The Christmas and New Year's break, when Europe shuts down and stops thinking, is now well and truly over, and we are reawakening to the same old problems: Greece, Spain, Cyprus, Portugal, Italy, France…all with their hands out for money from Germany, Holland, Finland, and Austria.
The holiday from the banking crisis, which was the result of the determination of the ECB to put a lid on it, is also over, with yields on the supplicant countries’ debt rising again.
However, joining the bad news list is the United Kingdom. Ominously, the pound is sliding in the foreign exchange markets, providing a very tricky background for Chancellor Osborne’s budget on March 20th. I shall examine the UK’s position later, but first let’s update ourselves on developments in the Eurozone.
The reality is that all the problems of the Eurozone are still with us, despite the fall in bond yields and their modest subsequent recovery. There is now the likelihood that we are about to enter the final phase of the end of the Eurozone experiment, with far wider consequences. So we need to pick up the story where we left off.

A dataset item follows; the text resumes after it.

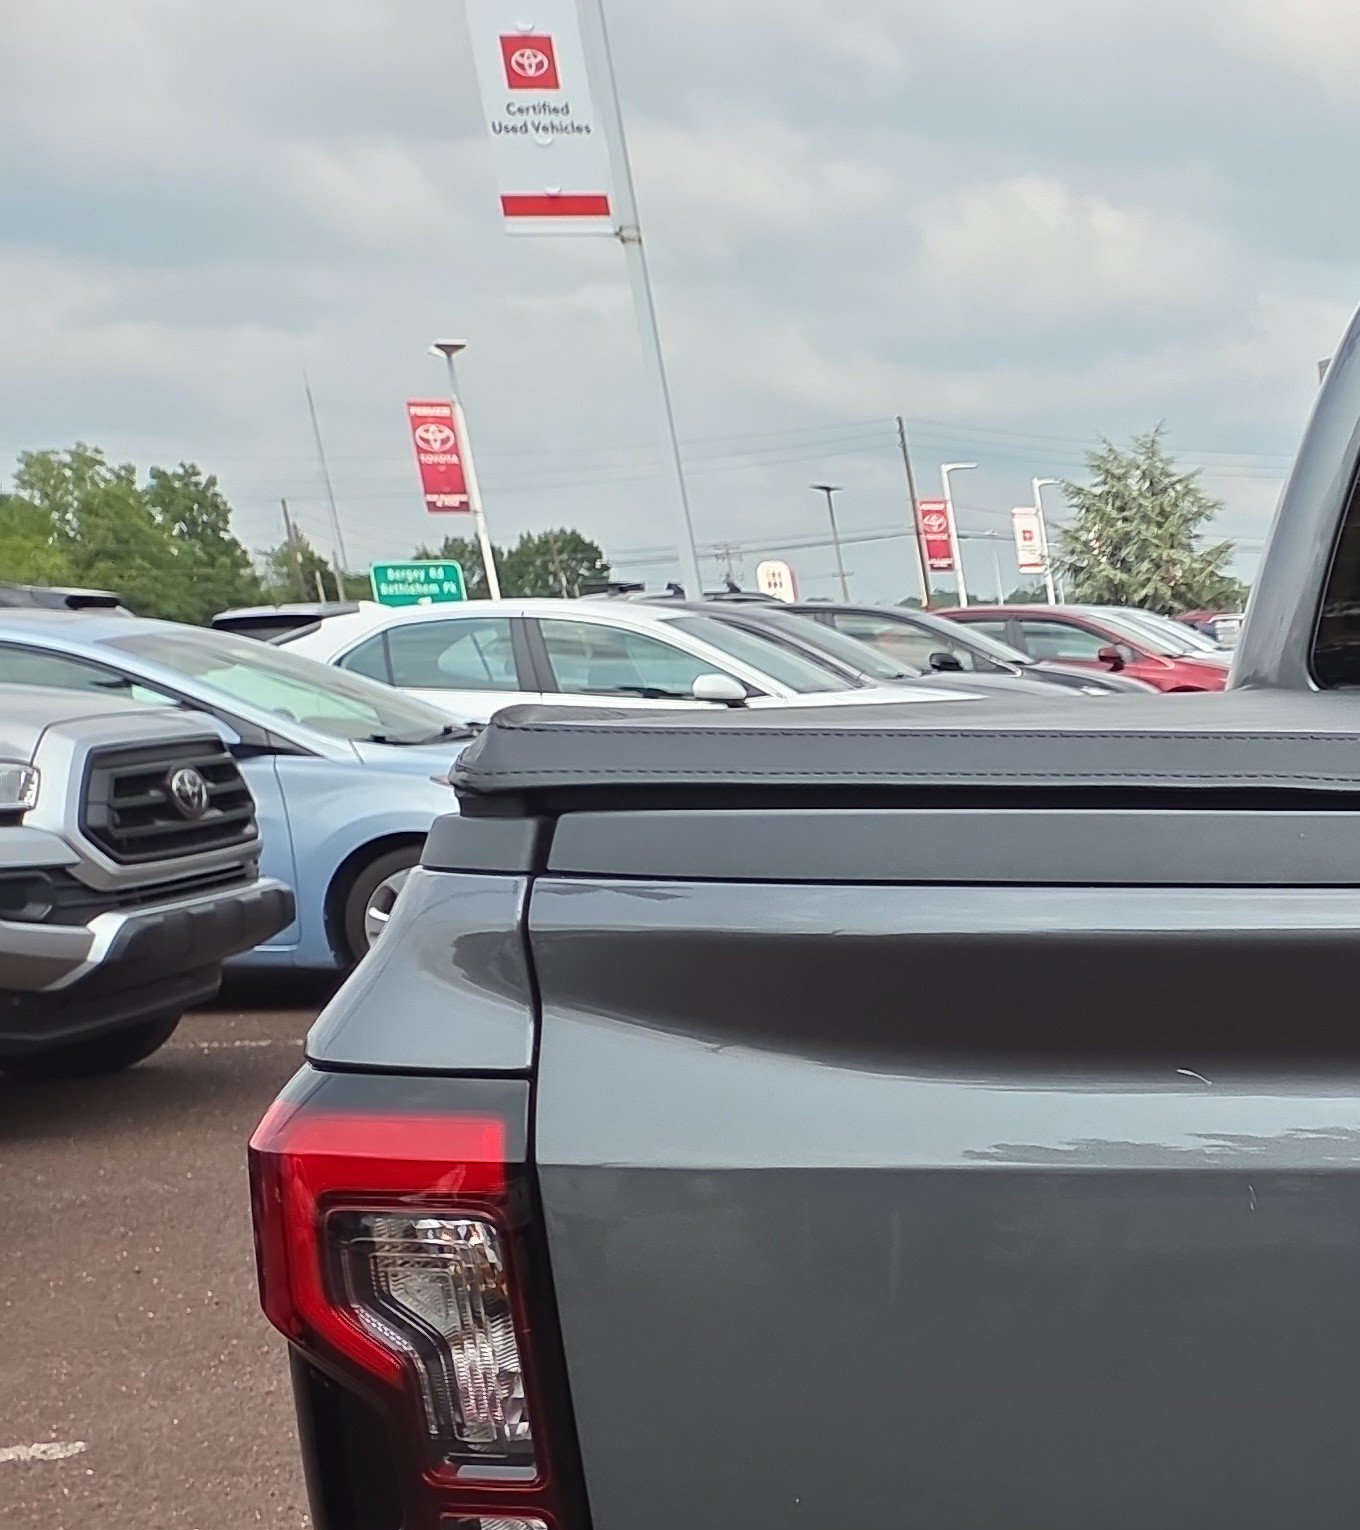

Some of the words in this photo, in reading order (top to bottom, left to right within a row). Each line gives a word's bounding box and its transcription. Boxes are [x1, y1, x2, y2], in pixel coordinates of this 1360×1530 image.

First, let’s look at the trend of government-debt-to-GDP for selected countries (the numbers are from the ECB):
As we can see, government deficits for these countries took off from the time of the banking crisis and are still increasing beyond the charts’ cut-off point into 2012. They reflect poor economic performance, a lack of desire to slash government spending, and contracting bank credit. Only Spain and France were below Carmen Reinhart and Ken Rogoff’s tipping point of 90% government debt-to-GDP (see their book, This Time is Different), but in Spain’s case for 2012, if you add in €27bn raised to pay the backlog of bills incurred by regional governments and the €40bn so far (and rising) to bail out the mortgage banks, today Spain is closer to 100% debt to GDP, and France’s is now over 90%.
Bank credit continues to be withdrawn by European cross-border lenders, as the figures from the Bank for International Settlements, which run from the time of the banking crisis, show in the next chart:
This is a deflating credit bubble. Italy, France, and Ireland have seen the largest withdrawals. Italy has been pursuing aggressive tax collection, driving wealth abroad and deterring economic activity, Ireland has seen a contraction in its financial centre, but France is the surprise suggesting that deflationary forces are stronger than generally understood. The decline in bank lending from European banks has been compensated for by generous Americans, presumably too-big-to-fail banks on instruction from the Fed, putting up an extra 0bn in the first three quarters of 2009. Meanwhile, UK banks have maintained business as usual, slightly increasing their exposure from 2009 onwards. This is shown in the next chart.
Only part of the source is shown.